Male sterility refers to a failure to develop normal anthers or pollens, but the plants may still develop normal pistils [1]. Both nuclear and cytoplasmic genes are generally involved in regulating male sterility. There are two main types of male sterility: genic male sterility (GMS), governed by nuclear gene(s), and cytoplasmic male sterility (CMS), regulated by the interaction of nuclear and cytoplasmic gene(s) [2]. Specifically, CMS found in many higher plants is governed by maternal inheritance with aborted pollens and normal pistils [3]. CMS plants can manifest pollen abortion depending on the flower apparatus, short filaments and thin anthers in morphology [4]. CMS has been reported in more than 150 plant species to date [5].
In Brassica, CMS is determined by the mitochondrial genome and associated with a pollen-sterility phenotype that can be suppressed or counteracted by nuclear genes known as fertility-restorer genes [6]. Ogura CMS was first observed in Japanese radish (Raphanus sativus) and is now widely used in breeding Brassica crops [7]. The pollen abortion in Ogura CMS cabbage mostly occurred at microspore developmental stages due to the disintegration of the plasma membrane and an abnormal tapetum, which provides nutrition for microspores [8,9]. In microsporogenesis, tapetum cells secrete callose enzymes after the completion of the meiosis of microspore mother cells, which break down the callose wall and release microspores.

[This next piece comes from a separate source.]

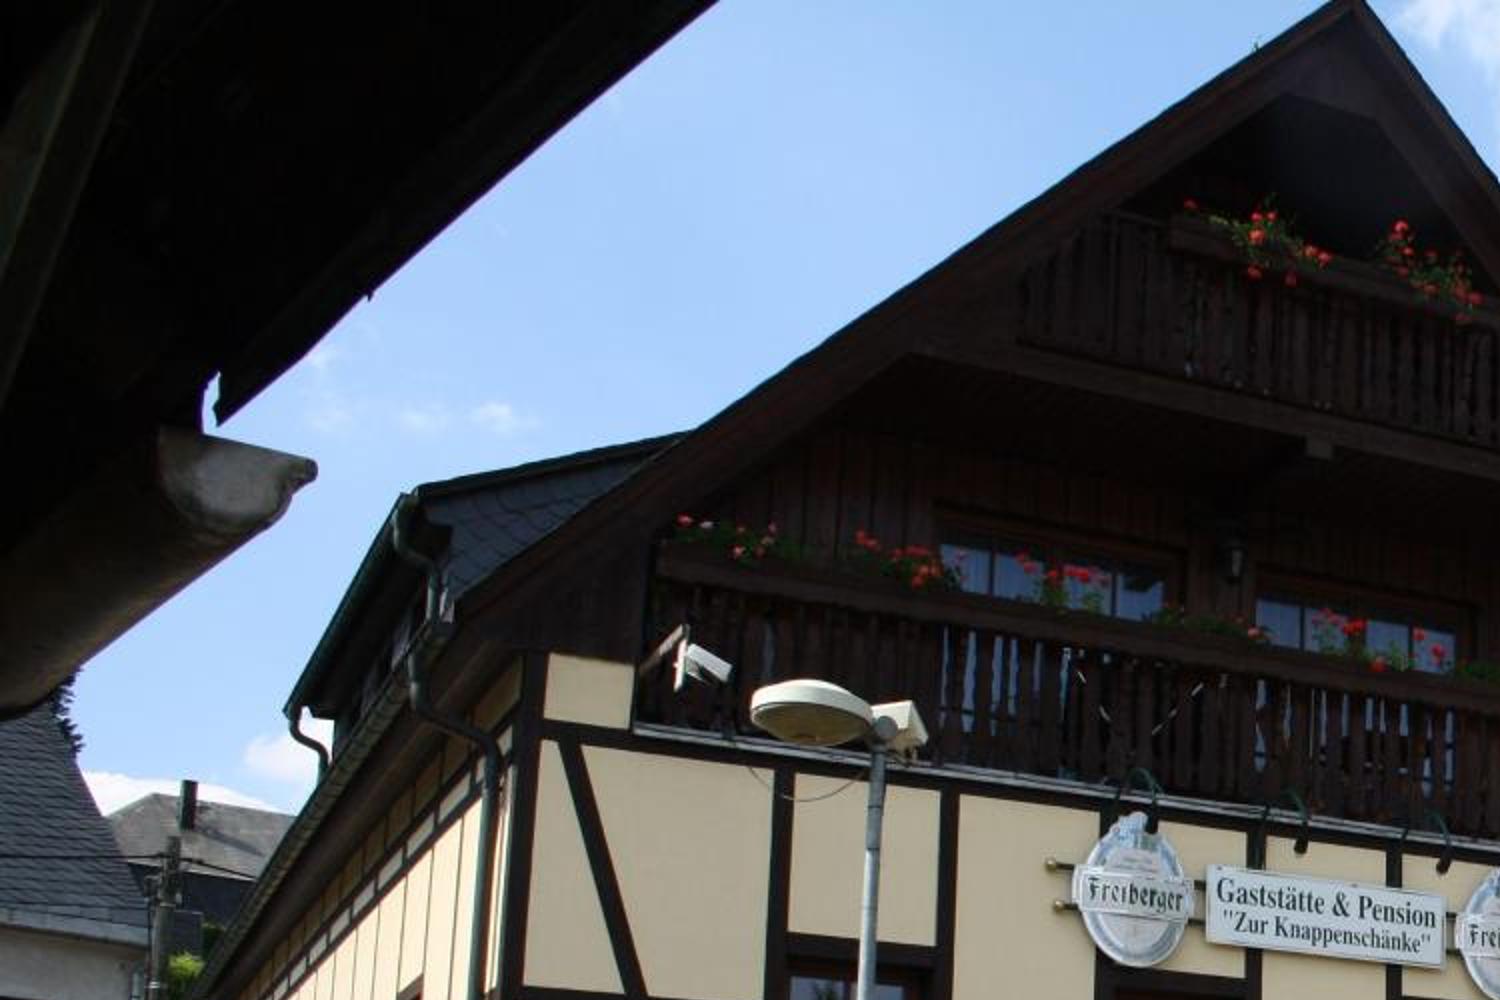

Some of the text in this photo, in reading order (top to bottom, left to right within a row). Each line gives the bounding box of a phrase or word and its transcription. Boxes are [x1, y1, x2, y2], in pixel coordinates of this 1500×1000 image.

[1087, 876, 1184, 913] Freiberger
[1216, 877, 1436, 928] Gaststätte & Pension

By contrast, the premature disintegration or delayed degradation of tapetum cells may result in pollen abortion [10].
Ogura CMS is controlled by a mitochondrial ORF138, which consists of two co-transcribed open reading frames ORF138 and ATP synthase subunit8 (ATP8), but the changes in a series of other genetic backgrounds and molecular mechanisms caused by the orf138 mutation are still unclear [11]. ATPase catalyzes the hydrolysis of ATP to provide the energy necessary for pollen development [12]. With the development of pollens, the activity and quantity of ATPase theoretically increase, otherwise the pollens will be abortive. Calcium ions act as a second messenger pathway for signal transduction during the development of microspores and gametophytes [13]. In addition, the cytoskeletal organization, programmed cell death, hormone balance and peroxide content may also influence the degrees of pollen fertility [14,15,16].
Genes involved in carbon metabolism, lipid metabolism, the tricarboxylic acid (TCA) cycle and oxidative phosphorylation are critical for pollen fertility and microspore development in Ogura CMS cabbage lines [17]. These genes could regulate pollen development through changes their expression either at an early stage of pollen development or at the maturity of pollen. In B. rapa, Ogura CMS flower buds had lower contents of soluble protein, soluble sugar, free proline, catalase (CAT), peroxidase (POD) and superoxide dismutase (SOD) than maintainer lines [18]. However, the molecular mechanism associated with Ogura CMS, particularly its core molecular mechanism, remains unclear. Therefore, the elucidation of the molecular mechanism of pollen abortion will provide a theoretical basis for the further understanding of the mechanism of male sterility in plants.
In recent years, transcriptome sequencing has been widely used in soybeans [19], cotton [20], rice [21] and other crops as a powerful tool for studying global transcriptional networks to provide high-resolution data, such as those on leaf senescence, leaf color and biological and abiotic stress responses [22]. However, the use of the transcriptome analysis of pollen abortion and male sterility in Chinese cabbage is very limited. In plants, the anther and pollen development process is very complicated, involving gene expression, regulation, metabolism and the activity of many genes. As long as one part of these processes is disturbed, pollen development may be blocked, and pollen abortion may occur [23]. Therefore, high-throughput sequencing methods can help us to better obtain key information regarding pollen development.
In the present study, transcriptome sequencing was performed using stamens during microsporogenesis between Ogura CMS and its maintainer line of Chinese cabbage, to identify critical DEGs related to pollen development. Our findings will help to elucidate the mechanisms controlling sterility at different stages of pollen development in the Ogura CMS system.

2. Results

2.1. The Ogura CMS Chinese Cabbage Displays Complete Male Sterility

Morphologically, the Ogura CMS Chinese cabbage line (Tyms) had a similar flower pattern to its maintainer line (231–330), but the organs (stamens, petals and sepals) were mostly smaller in the Ogura CMS line (Figure S1 and Table S1). At the mature stage, the anthers were completely non-dehiscent and empty in the Ogura CMS line, but the anthers in the maintainer line were naturally split and full of pollen grains (Figure 1). Compared with the maintainer line, the meiosis was normal in the Ogura CMS line (Figure S2), and tetrads were formed after the completion of meiosis. However, the uninucleated pollens could normally form tetrads, but were unable to develop further into binucleated and trinucleated pollens in the Ogura CMS line (Figure 2), which was probably due to the defective mitosis during pollen development.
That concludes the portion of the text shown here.